Dalam studi Hilman dan Rauch (2017) yang sama, diterangkan bahwa penggunaan komputer super canggih yang membutuhkan tenaga listrik yang besar diperlukan untuk menjaga keamanan transaksi Bitcoin sebagai mata uang digital yang terdesentralisasi di luar aturan bank. Untuk itu prosedur penambangan berbasis persamaan matematika yang rumit menjaga sistem Bitcoin dari para peretas.

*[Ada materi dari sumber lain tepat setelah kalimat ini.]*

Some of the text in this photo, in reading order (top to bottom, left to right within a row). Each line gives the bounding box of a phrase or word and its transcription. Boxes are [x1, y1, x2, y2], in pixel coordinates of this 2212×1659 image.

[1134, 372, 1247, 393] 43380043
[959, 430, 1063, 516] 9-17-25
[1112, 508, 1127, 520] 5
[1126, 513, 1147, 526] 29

Perhitungan Alex de Vries terhadap konsumsi energi Bitcoin telah juga dikritik oleh Christian Catalini, asisten Profesor di Massachusetts Institute of Technology, yang ahli di bidang inovasi teknologi, wirausaha dan manajemen strategis. Dalam wawancaranya untuk Washington Post, ia menjelaskan bahwa tren penggunaan energi yang besar oleh Bitcoin tidak akan terus berlanjut.

“Alasan para penambang beinvestasi begitu besar di Bitcoin adalah mereka ingin mendapatkan token yang nilainya akan meningkat dalam waktu yang akan datang. Untuk itu, mereka mau untuk berinvestasi dalam hal modal dan biaya listrik untuk menang dalam kompetisi memproduksi Bitcoin ini,” kata Christian kepada Washington Post. Ia menjelaskan—mengingat Bitcoin memiliki jumlah maksimal keping yang beredar yaitu 21 juta—ketika jumlah Bitcoin yang bisa didapatkan berkurang nantinya para penambang harus beralih ke biaya transaksi untuk mendapatkan keuntungan.

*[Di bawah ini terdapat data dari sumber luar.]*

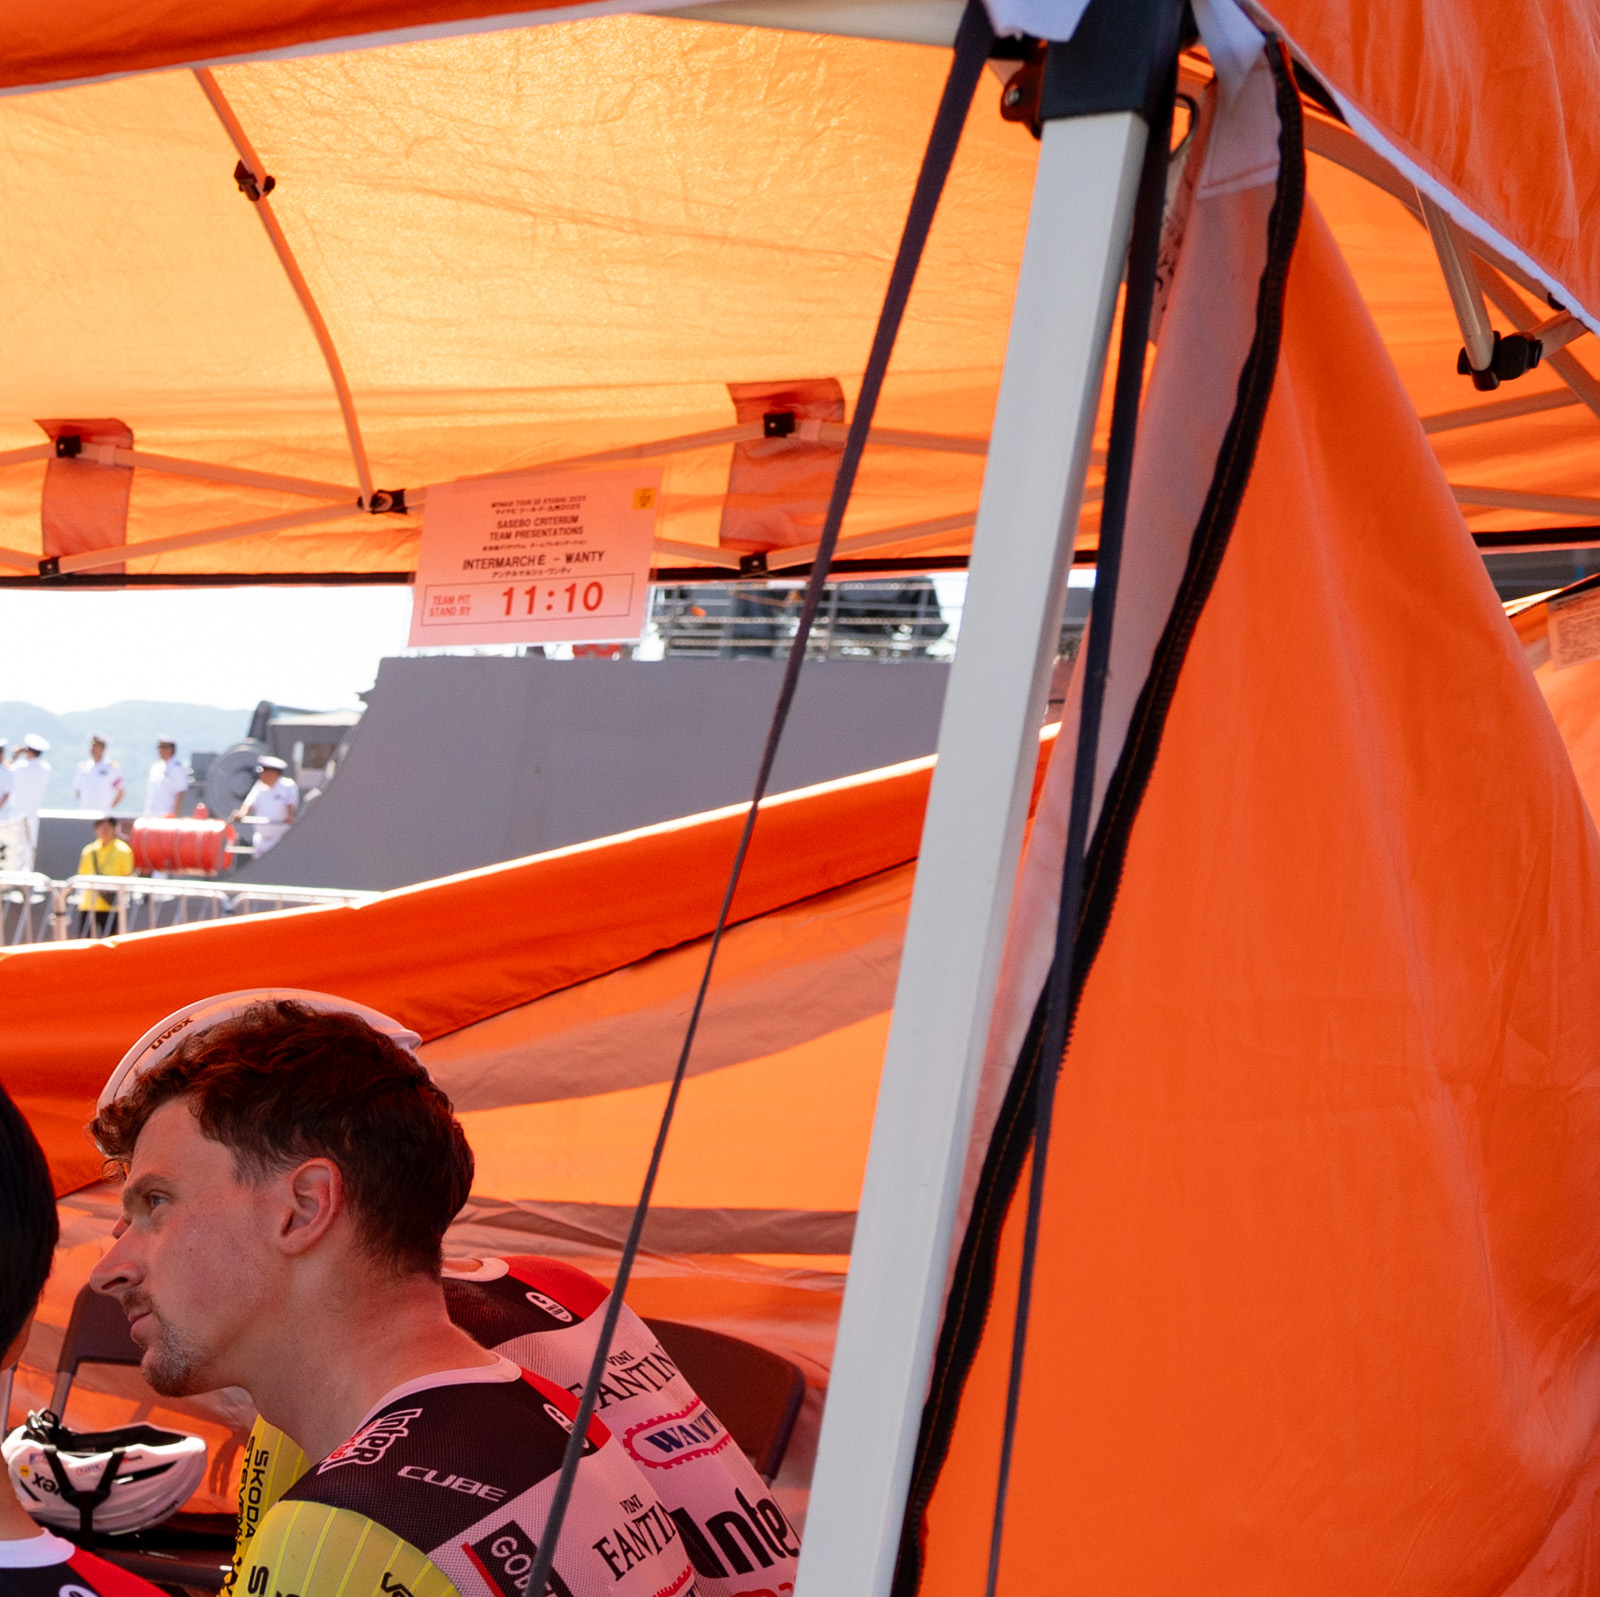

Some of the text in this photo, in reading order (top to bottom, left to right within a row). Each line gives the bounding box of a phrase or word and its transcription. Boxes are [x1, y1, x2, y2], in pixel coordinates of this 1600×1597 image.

[497, 515, 580, 529] SASEBO CRITERIUM
[489, 526, 584, 541] TEAM PRESENTATIONS
[565, 550, 606, 564] WANTY
[432, 595, 457, 606] TEAM
[503, 581, 604, 616] 11:10
[429, 606, 471, 617] STAND BY
[606, 1350, 636, 1368] VINI
[396, 1465, 507, 1503] CUBE
[246, 1449, 268, 1539] SKODA
[619, 1494, 644, 1515] VINI

Sebagai respons terhadap tuduhan mengenai penambangan Bitcoin yang tak ramah lingkungan, saat ini telah ada start-up bernama HydroMiner yang mengklaim menggunakan energi yang dapat diperbarui untuk menambang Bitcoin. Para penambang ini menggunakan 600 Kilowatt tenaga dari pembangkit listrik tenaga air di pengunungan Alpen di Austria.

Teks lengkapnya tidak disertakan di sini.